Professor Hans-Werner Sinn is President of the IFO Institute for Economic Research (since February 1999), Director of the Center for Economic Studies (CES) at the University of Munich (since January 1991), and Professor and chair of economics and public finance at the University of Munich. Since 2006 Professor Sinn has been President of the International Institute of Public Finance.
The following is a summary of a lecture by Professor Sinn on the challenges of climate change.
Up to now the climate discussion has focused one-sidedly on the reduction of demand for fossil fuel and has neglected the supply side. In his Thuenen Lecture at the conference of the Verein für Socialpolitik, Ifo president, Hans-Werner Sinn, points out that supply and demand together determine how much fossil fuel is extracted and thus also determine the pace with which carbon is released into the atmosphere, creating the greenhouse effect.

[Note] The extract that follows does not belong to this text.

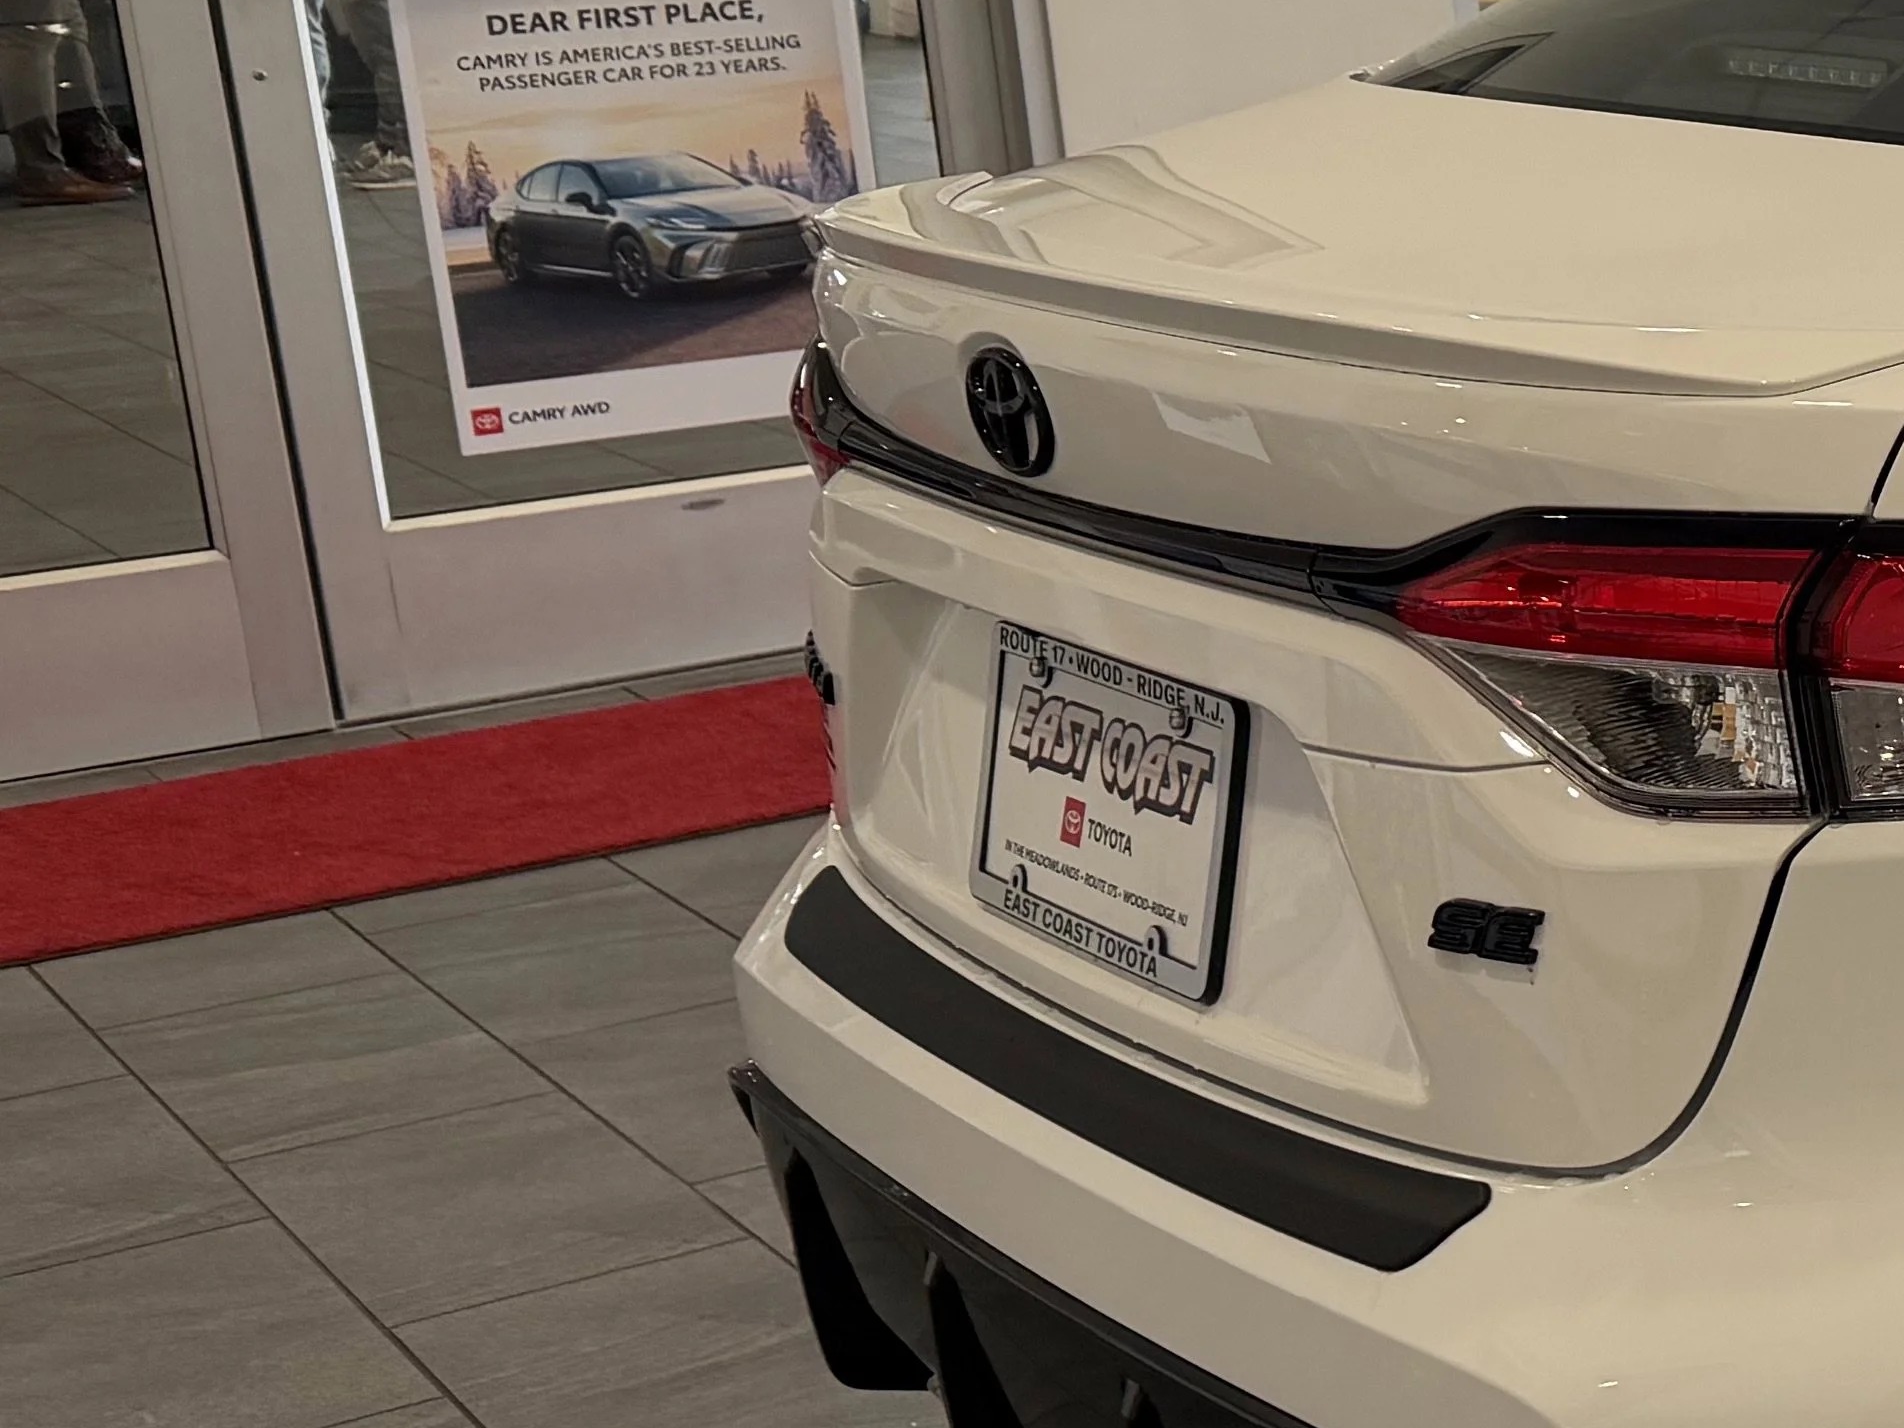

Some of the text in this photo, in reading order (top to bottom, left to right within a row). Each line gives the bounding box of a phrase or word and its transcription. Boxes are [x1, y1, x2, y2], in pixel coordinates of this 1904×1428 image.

The EU's consumption reducing measures are, in his opinion, in vain if the oil sheiks and the other owners of fossil fuels do not cut back their supply. The effect of measures like those of the EU are then not only small but non-existent. As Sinn explains: "With the rigid conduct of the suppliers, the world market price is pushed so far under the level that otherwise would have been achieved so that those countries that do nothing with regard to climate protection will use that much more fossil fuels than that which is saved be the EU. The Chinese continue to step up their CO2-intensive expansion policies and the Americans drive even more SUVs than they used to."
The improvement in housing insulation, the conversion to biodiesel and the construction of cars with lower fuel consumption will be just as useless as windmills or solar roofs, with which electricity and heat is to be generated in Germany, if the oil sheiks remain stubborn. Also France's nuclear reactors would then also make no significant contribution. All these forms of energy would only come in addition to fossil energy. "It is not Angela Merkel who will determine the pace of global warming but Hugo Chávez, Mahmud Ahmadineschad, Putin's oligarchs, the Arabian oil sheiks and a few other potentates."
A reduction of the resource supply via a restriction on consumption by industrial countries is hardly likely, in Sinn's opinion. The supply of fossil deposits that nature has made available is independent of the price reactions that the consumer countries can influence. Sinn doubts that price-reducing measures can induce the suppliers of fossil resources to defer extraction. The supplier reactions that do occur depend on the temporal course of the demand restrictions that the suppliers expect. Indeed it is true that demand restrictions today that are not continued in the future induce the suppliers to defer extraction. However, demand restrictions expected in the future would give them the incentive to extract more in the present. What in fact happens depends on how much demand restriction is implemented in the present and how much is realised and expected in the future.
If there is to be a slowing of resource extraction, the demand restrictions must be eased over time so that the resource providers have an incentive to defer their extraction to a point in time when higher prices can be achieved. "That, however, is hardly possible in reality", Sinn observes. It is more likely that with increasing global warming the demand for policy measures will become increasingly louder, so that in all probability the measures will not be weakened further on but intensified. Since the resource providers would know this, they would anticipate this development with intensified extraction. This could be one of the reasons that world consumption of fossil fuel and the output of carbon dioxide in recent years, despite the expansion of EU environmental protection measures, has increased even further. Sinn speaks here of the "green paradox" of environmental policies.
Policy measures that are truly effective in reducing global warming are rare and have little in common with that which is currently demanded by governments and is publicly discussed in Germany and the rest of Europe. "Meaningful measures include the introduction of worldwide source taxes on capital gains along with a closing of tax havens so that the resource owners would lose their investment alternatives", Sinn explains. In addition, an emissions trading system with no loopholes that would unite all customer countries into a worldwide monopsony* could force the desired amounts from the resource exporters. It would make particular sense to exploit the technical possibilities of sequestering mineral oil. "Rebuilding the forests should have highest priority, however, because forests are the largest storages of carbon on earth that can be controlled by humans", Sinn emphasises. Currently deforestation is leading to the release of more carbon dioxide than from the whole transportation sector. If reforestation were to replace forest destruction, global warming could be slowed down significantly.